===== Source information

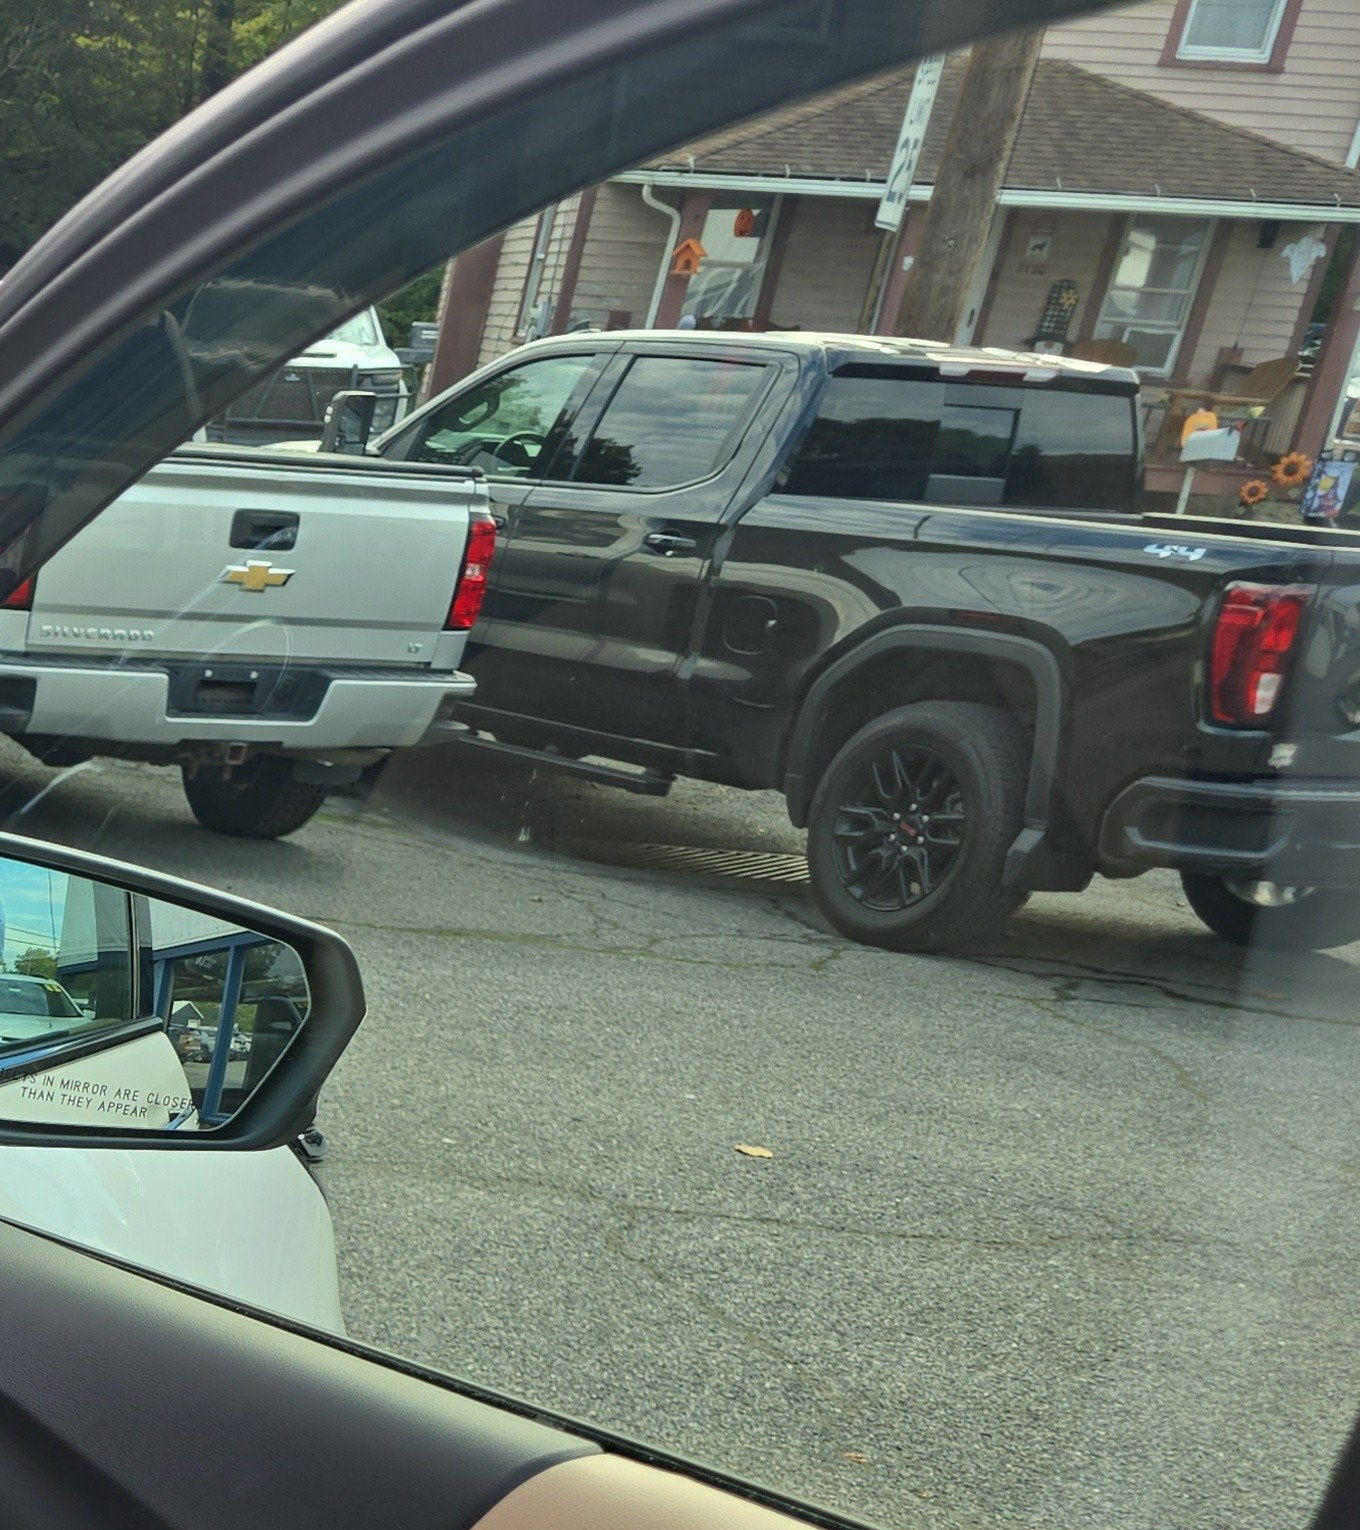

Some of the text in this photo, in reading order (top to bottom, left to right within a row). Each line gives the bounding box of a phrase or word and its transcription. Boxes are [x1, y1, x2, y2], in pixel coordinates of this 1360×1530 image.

[41, 624, 155, 641] SILVERADO
[21, 1086, 148, 1118] THAN THEY APPEAR
[42, 1074, 55, 1086] IN
[59, 1078, 108, 1097] MIRROR
[114, 1087, 140, 1102] ARE

==========

**Description of the task:**
The data above is to be printed exactly, all of it, except for the pictures.

**Answer section:**
Some of the text in this photo, in reading order (top to bottom, left to right within a row). Each line gives the bounding box of a phrase or word and its transcription. Boxes are [x1, y1, x2, y2], in pixel coordinates of this 1360×1530 image.

[41, 624, 155, 641] SILVERADO
[21, 1086, 148, 1118] THAN THEY APPEAR
[42, 1074, 55, 1086] IN
[59, 1078, 108, 1097] MIRROR
[114, 1087, 140, 1102] ARE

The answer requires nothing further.